不是被噩梦惊醒,也不是因为窗外偶尔驶过的夜车引擎声,而是因为一种极其细微的、几乎不存在的声响。那声音像是什么东西在轻轻刮擦玻璃,又像是干燥的粉末从高处簌簌落下。她睁开眼,躺在价值七位数的进口床垫上,身边的丈夫李志强睡得像一块沉入海底的石头,呼吸匀净,毫无波澜,仿佛这个家里所有令人窒息的焦虑都与他无关。
她侧耳倾听。声音来自楼下。
是琴房。
她的第一反应是暴怒,心脏像被一只冰冷的手攥紧。小强又偷跑下去弹琴了?还是那架斯坦威钢琴在深夜自己发出了**?她掀开蚕丝被,赤脚踩在长绒地毯上,足底传来柔软却令人不安的触感,像踩在某种活物的皮毛上。她没有开灯,借着走廊地脚灯幽微的蓝光,像一个梦游者般无声地走向楼梯。
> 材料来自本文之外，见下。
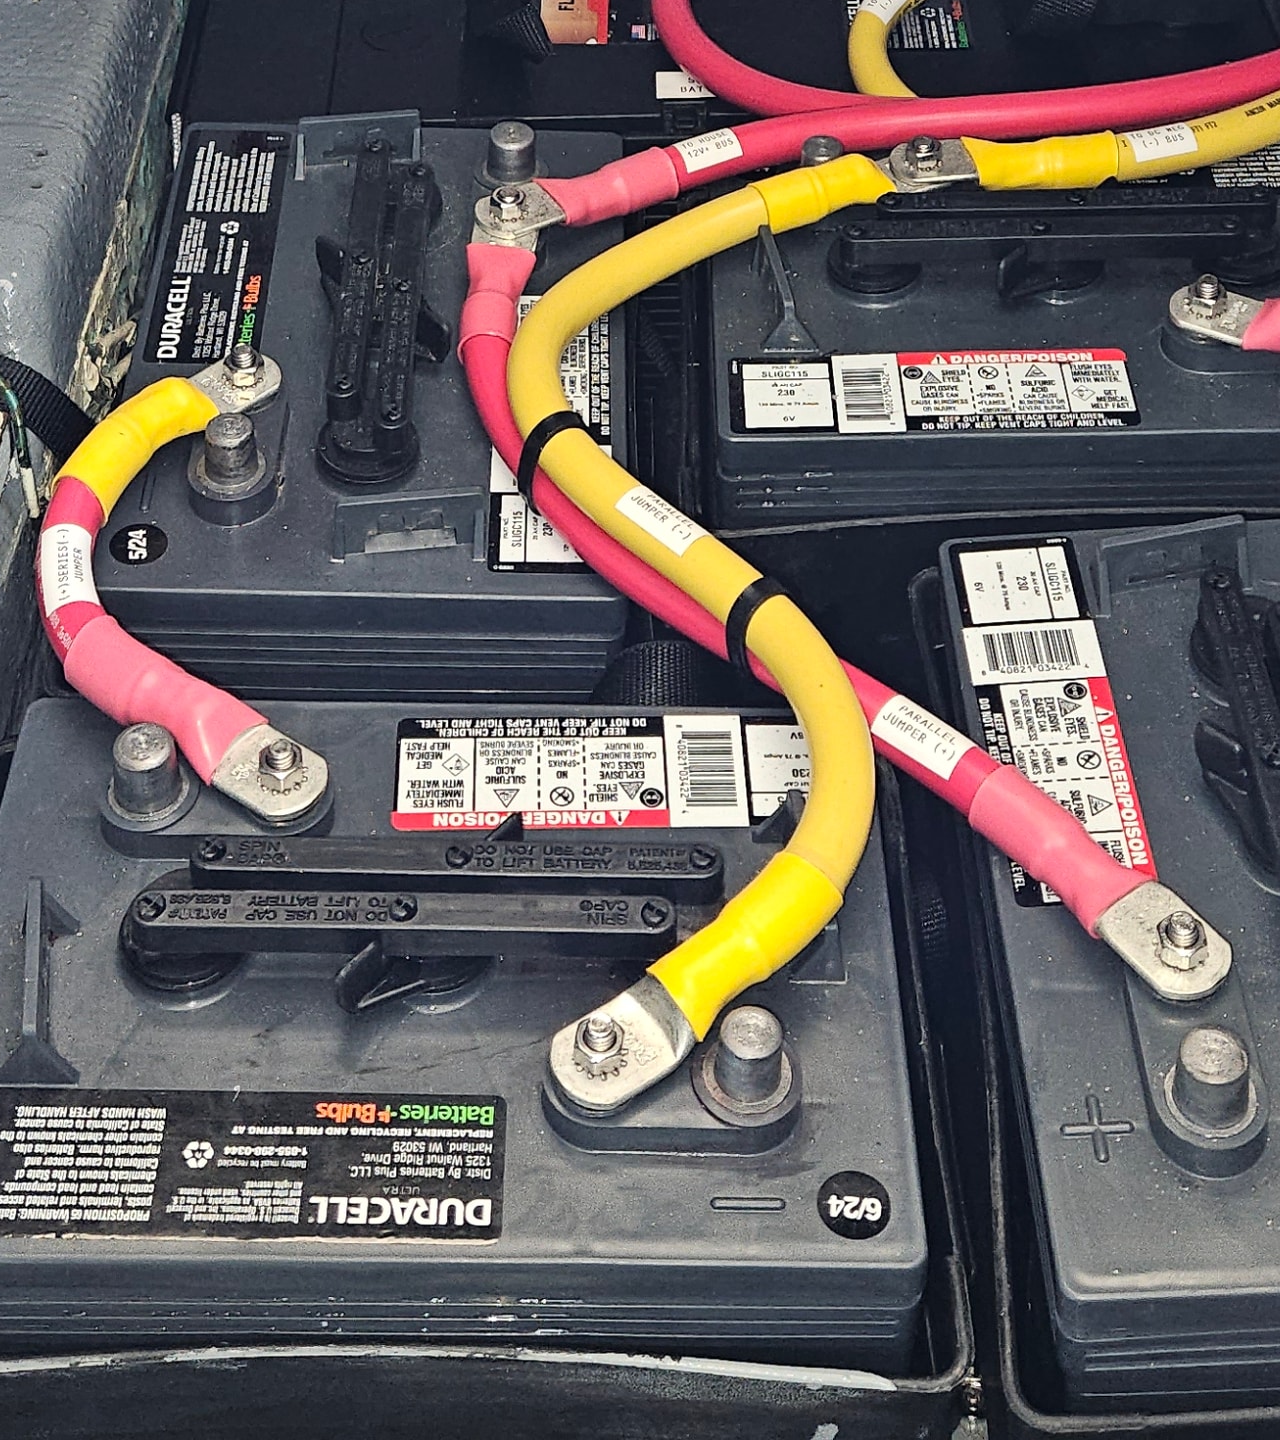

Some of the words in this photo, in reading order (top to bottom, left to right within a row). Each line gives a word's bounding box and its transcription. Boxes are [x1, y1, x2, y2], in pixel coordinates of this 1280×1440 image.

[681, 141, 694, 150] TO
[698, 131, 728, 144] HOUSE
[1129, 132, 1145, 141] TO
[1165, 132, 1185, 144] BUS
[687, 146, 710, 159] 12V+
[714, 137, 734, 150] BUS
[156, 274, 192, 359] DURACELL
[951, 352, 1095, 364] DANGER/POISON
[760, 369, 809, 378] SLIGC115
[776, 388, 796, 397] 230
[783, 415, 796, 423] 6V
[630, 495, 669, 524] JUMPER
[646, 493, 694, 530] PARALLEL
[511, 510, 524, 548] SLIGC115
[127, 529, 149, 561] 5/24
[72, 548, 84, 583] JUMPER
[973, 581, 985, 594] 6V
[1016, 575, 1030, 592] 230
[1044, 561, 1065, 603] SLIGC115
[881, 712, 928, 745] JUMPER
[897, 703, 958, 747] PARALLEL
[405, 751, 443, 761] MEDICAL
[484, 774, 527, 785] SULFURIC
[598, 770, 647, 780] EXPLOSIVE
[405, 789, 465, 799] IMMEDIATELY
[1100, 725, 1149, 867] DANGER/POISON
[433, 811, 607, 827] DANGERPOISON
[392, 1141, 425, 1153] 53029
[428, 1142, 444, 1153] WI
[446, 1141, 493, 1154] Hartland,
[361, 1152, 391, 1165] Drive,
[393, 1153, 424, 1167] Ridge
[426, 1154, 464, 1167] Walnut
[466, 1155, 492, 1167] 1325
[349, 1164, 372, 1178] LLC,
[373, 1165, 397, 1178] Plus
[398, 1165, 445, 1180] Batteries
[447, 1166, 462, 1179] By
[464, 1166, 492, 1180] Distr.
[381, 1185, 421, 1196] ULTRA
[307, 1194, 493, 1227] DURACELL
[829, 1193, 878, 1219] 6/24
别墅的楼梯是旋转式的,扶手的黄铜雕花在黑暗中泛着冷冽的光。每走一步,空气就冷一分。这种冷不是物理意义上的低温,而是一种心理上的凝滞,仿佛时间在这里流淌得格外缓慢。她走到一半,停住了。
琴房的门虚掩着。
那细微的刮擦声更清晰了,还夹杂着一种湿润的、像是舌头舔舐的声音。苏雯屏住呼吸,缓缓将眼睛凑近门缝。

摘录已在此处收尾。